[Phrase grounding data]
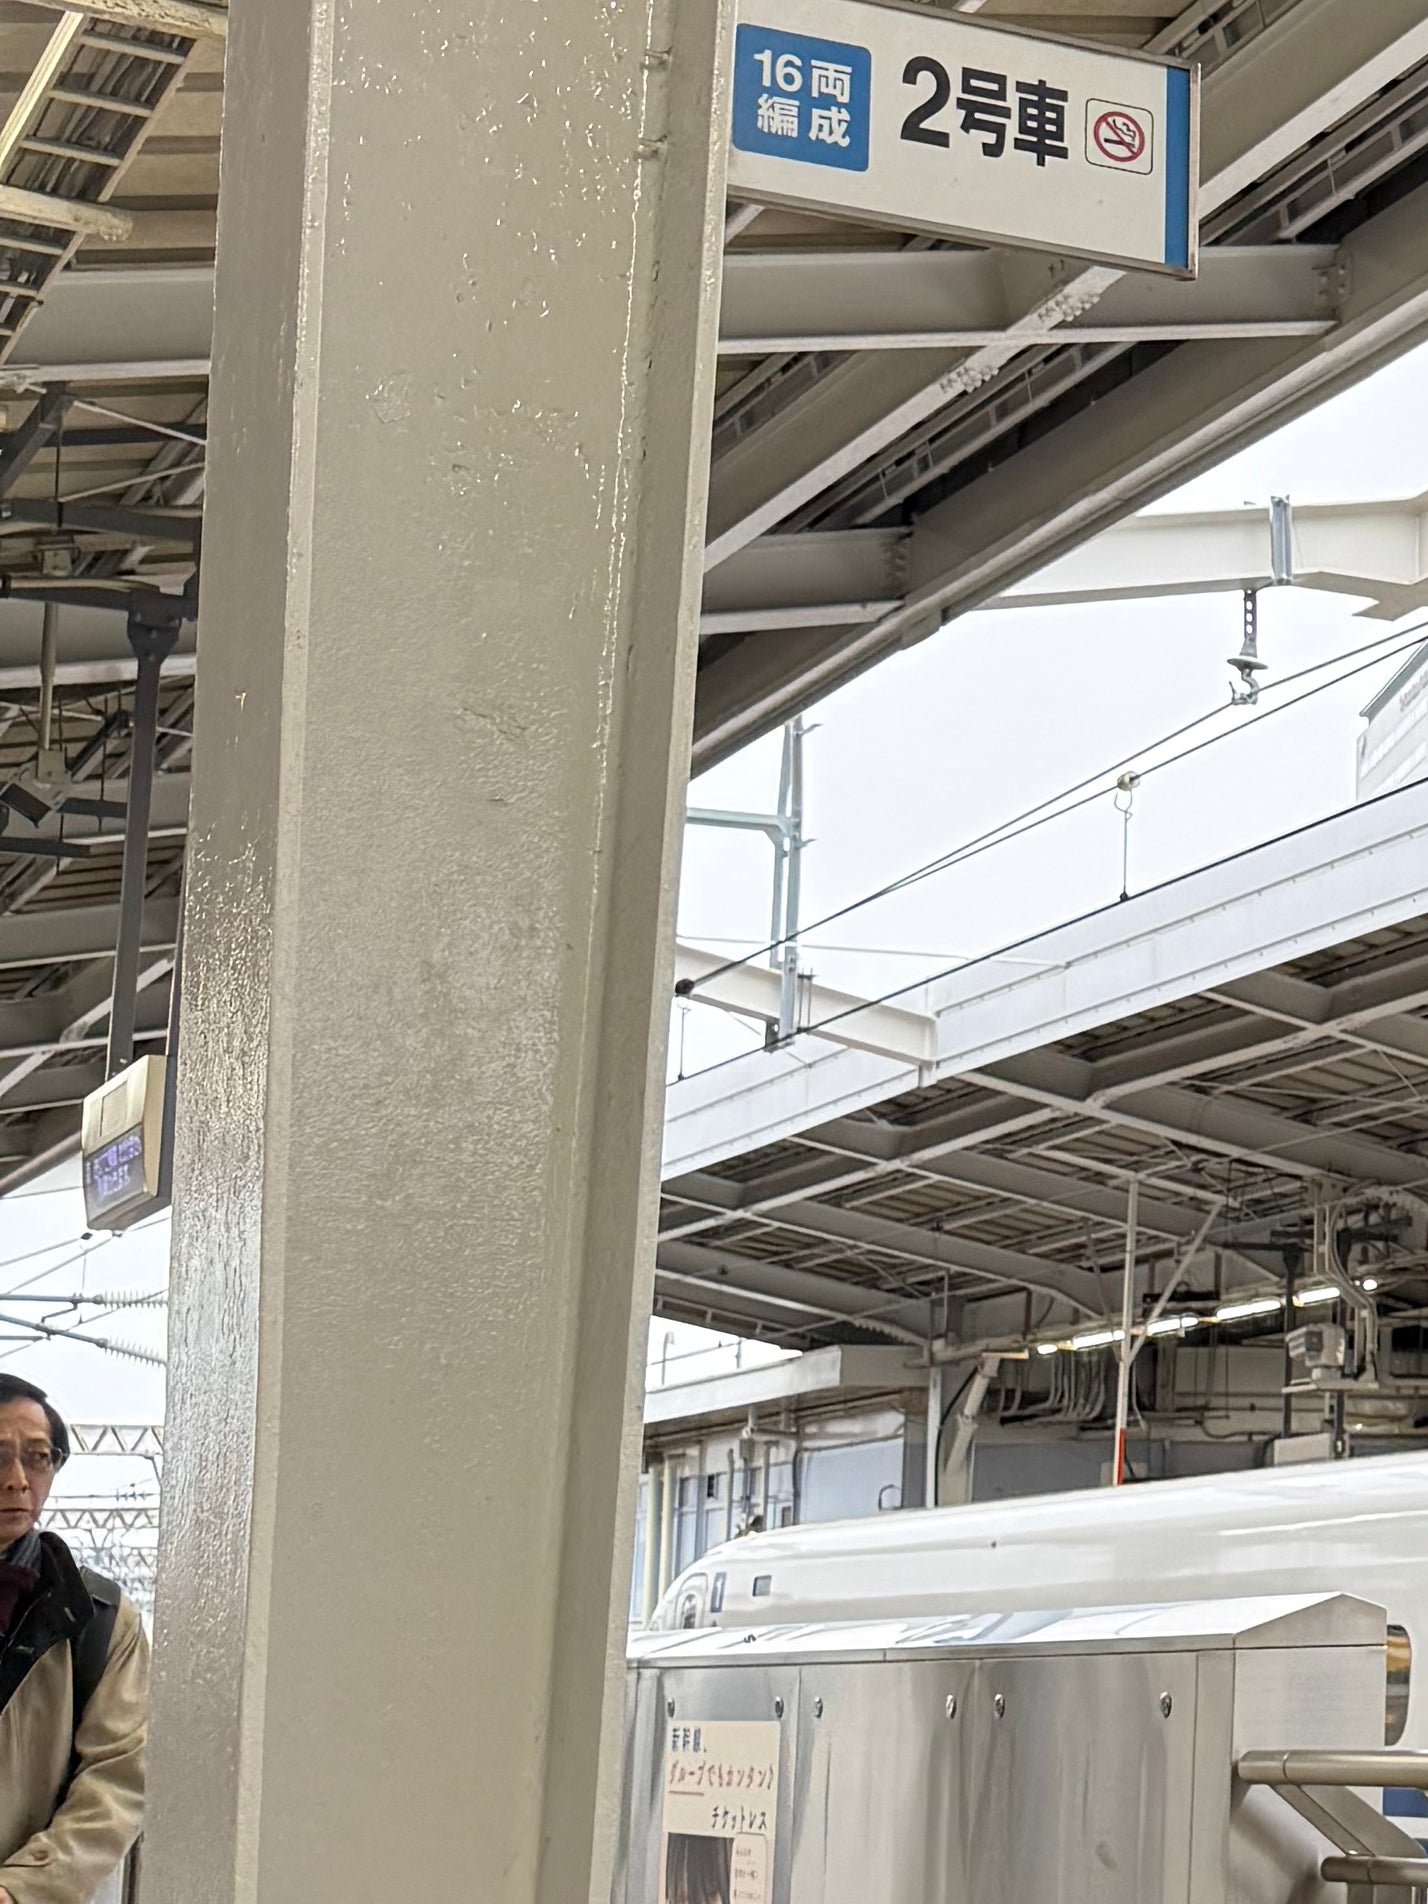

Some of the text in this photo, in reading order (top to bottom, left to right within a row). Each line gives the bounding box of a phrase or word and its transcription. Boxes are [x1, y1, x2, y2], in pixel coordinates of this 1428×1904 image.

[754, 48, 853, 103] 16両
[757, 93, 851, 148] 編成
[900, 55, 1069, 167] 2号車
[711, 1805, 767, 1833] チケットレス
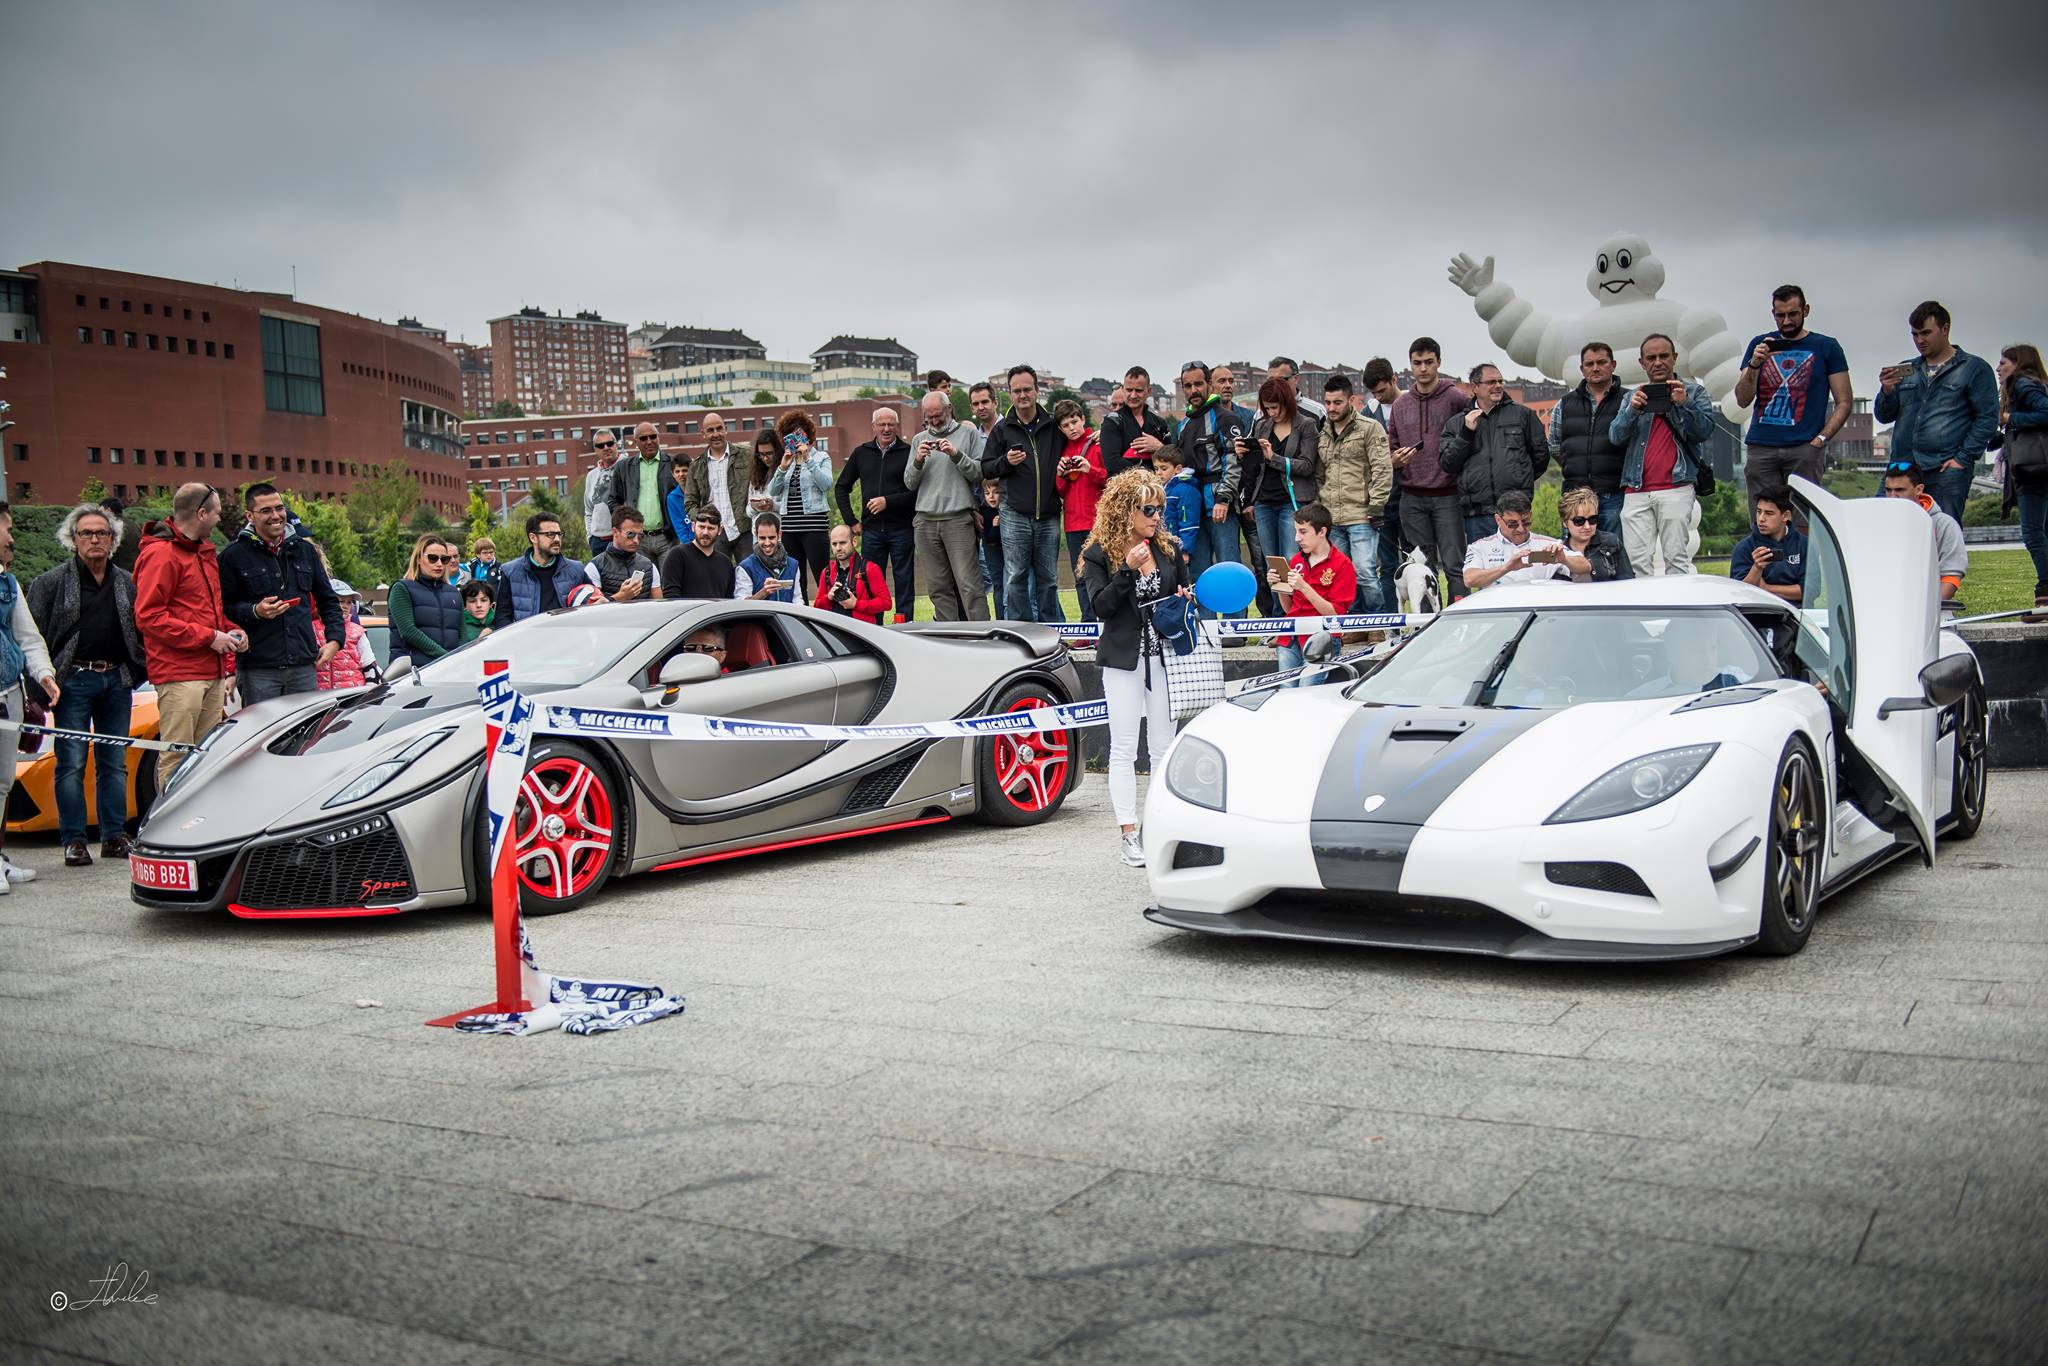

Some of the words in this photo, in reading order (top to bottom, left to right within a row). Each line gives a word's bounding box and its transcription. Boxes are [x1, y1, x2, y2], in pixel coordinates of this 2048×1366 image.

[1236, 621, 1292, 631] MICHELIN
[1342, 614, 1403, 626] MICHELIN
[1074, 704, 1107, 719] MICHE
[580, 712, 664, 731] MICHELIN
[975, 716, 1030, 731] MICHELIN
[733, 726, 807, 738] MICHELIN
[863, 727, 928, 737] MICHELIN
[136, 861, 156, 883] 1066
[160, 864, 187, 885] BBZ

Instructions to follow: Keeping the pictures out, output the records from above exactly and completely.

Task output:
Some of the text in this photo, in reading order (top to bottom, left to right within a row). Each line gives the bounding box of a phrase or word and its transcription. Boxes are [x1, y1, x2, y2], in pixel coordinates of this 1428×1904 image.

[754, 48, 853, 103] 16両
[757, 93, 851, 148] 編成
[900, 55, 1069, 167] 2号車
[711, 1805, 767, 1833] チケットレス

Some of the words in this photo, in reading order (top to bottom, left to right within a row). Each line gives a word's bounding box and its transcription. Boxes are [x1, y1, x2, y2], in pixel coordinates of this 2048×1366 image.

[1236, 621, 1292, 631] MICHELIN
[1342, 614, 1403, 626] MICHELIN
[1074, 704, 1107, 719] MICHE
[580, 712, 664, 731] MICHELIN
[975, 716, 1030, 731] MICHELIN
[733, 726, 807, 738] MICHELIN
[863, 727, 928, 737] MICHELIN
[136, 861, 156, 883] 1066
[160, 864, 187, 885] BBZ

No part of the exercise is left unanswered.